# Import libraries

In [2]:
import pandas as pd
import numpy as np
import math
import os
import warnings
warnings.filterwarnings("ignore")

# Current and parent directories

In [4]:
current_directory = os.getcwd()
parent_directory = os.path.dirname(current_directory)

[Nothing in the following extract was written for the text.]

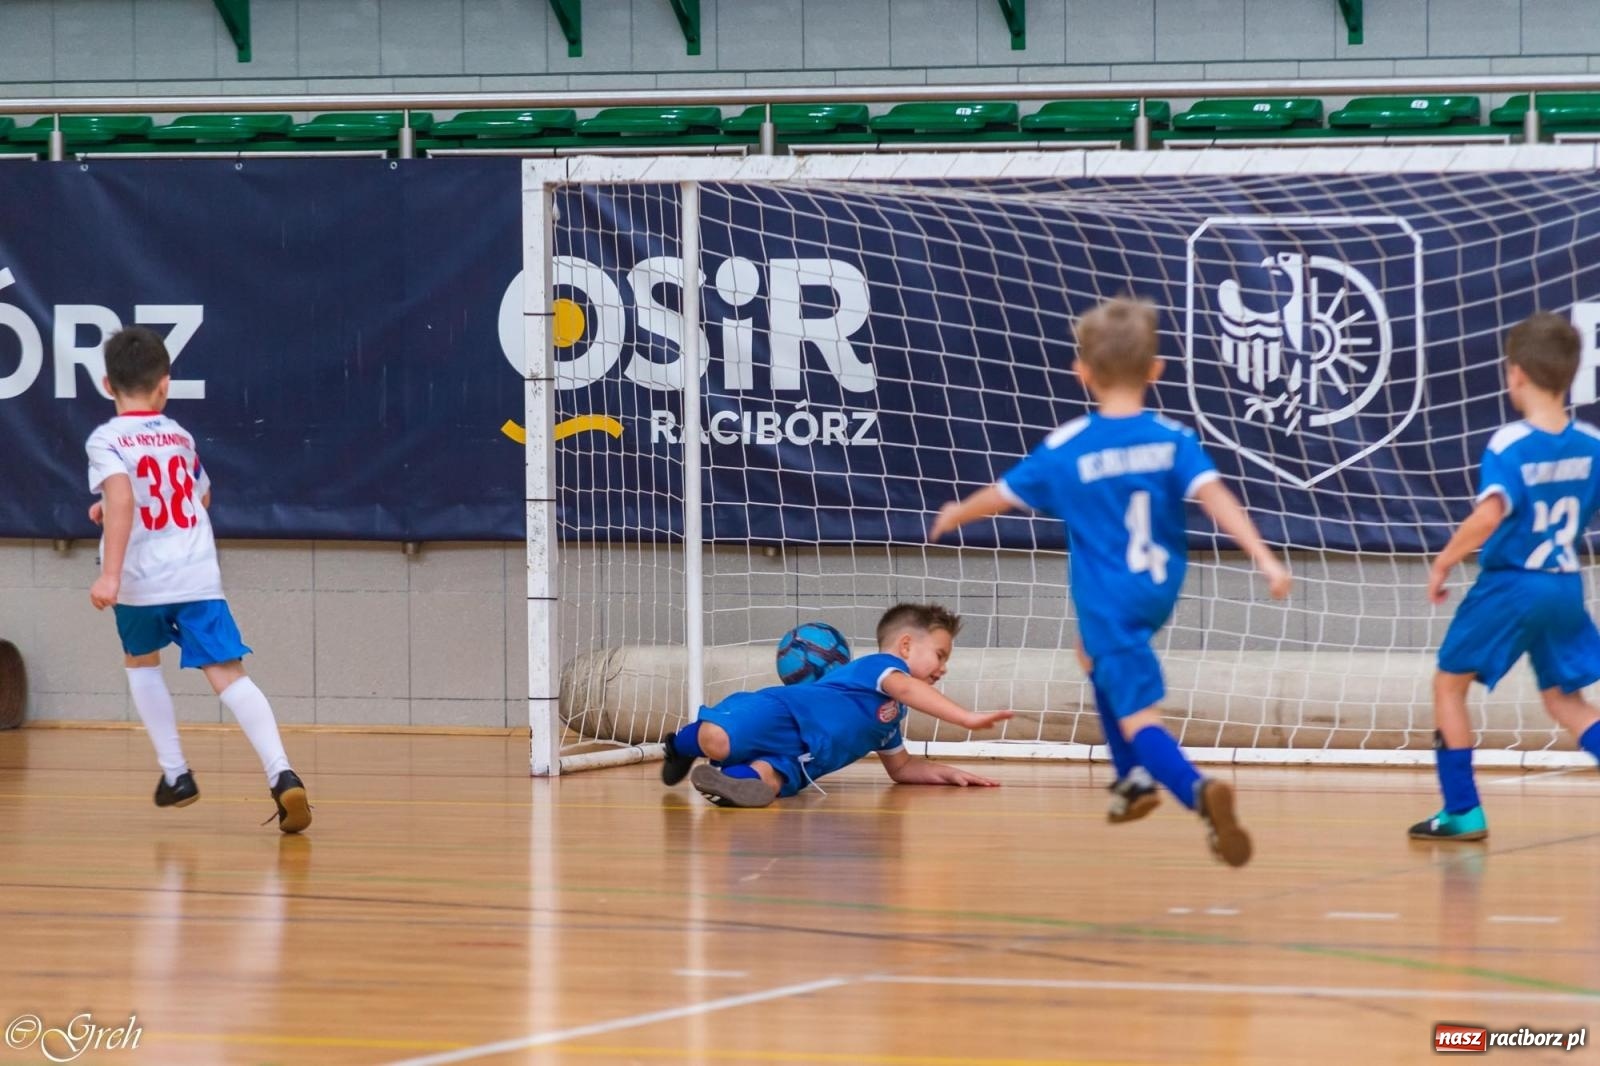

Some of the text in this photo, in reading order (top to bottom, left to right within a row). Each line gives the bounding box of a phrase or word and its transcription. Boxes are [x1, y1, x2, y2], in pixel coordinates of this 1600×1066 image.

[498, 255, 878, 392] OSiR
[136, 455, 197, 531] 38
[1124, 489, 1170, 585] 4

# Read activity information

In [6]:
activities = pd.read_excel(str(parent_directory) + '/data/Aras-Information.xlsx', sheet_name='Activity-Info')
activities.head()

Unnamed: 0,Activity ID,Acitivity,Zone ID,Zone,Physical activity levels (M) (met),Scale of CO2 Generation for 21-30 age group (L/s),CO2 Emission by Occupant (L/s),CO2 Emission by Occupant (CFM),Heat Radiation by Occupant (kW),Heat Radiation by Occupant (W)
0,0,Other,0,Outside,0.0,-0.9961,0.0,0.0,0.0,0.0
1,1,Fill medication dispenser,3,Kitchen,2.8,0.0039,0.01092,0.023139,0.113268,113.267755
2,2,Hang up clothes,1,Bedroom,2.2,0.0039,0.00858,0.018181,0.088996,88.996093
3,3,Move the couch,2,Livingroom,4.0,0.0039,0.0156,0.033056,0.161811,161.811078
4,4,Sit on the couch,2,Livingroom,1.5,0.0039,0.00585,0.012396,0.060679,60.679154


# Accessing activity-zone mapping information

In [8]:
activity_zone_map = dict()
for i in range(len(activities)):
    activity_zone_map[int(activities["Activity ID"][i])] = int(activities["Zone ID"][i])

# Fixed parameters

In [10]:
NUM_DAYS = 16
NUM_ACTIVITIES = len(activities)

# Dataset modification function

In [12]:
def dataset_modification(input_directory, house_name, output_filename):
    
    dataframe = pd.DataFrame(columns = ['Day', 'Minute', 'Outdoor (Zone - 0) Occupant', 'Bedroom (Zone - 1) Occupant', 'Livingroom (Zone - 2) Occupant', 'Kitchen (Zone - 3) Occupant', 'Bathroom (Zone - 4) Occupant'])

    for day in range(1, NUM_DAYS + 1):    

        records = []

        print("Modified ...", "House", house_name, "Day", day)
        # Importing dataset
        raw_data_filename = str(input_directory) + str(day) + '.txt'
        raw_dataframe =  pd.read_csv(str(raw_data_filename), header=None, sep = ' ').iloc[:, -2:]  

        # Establishing column names to make it easier to work with
        raw_dataframe.columns = ['Occ-1','Occ-2']

        # We will just work with the specified occupant in the function argument
        activities_occupant = raw_dataframe.values.tolist()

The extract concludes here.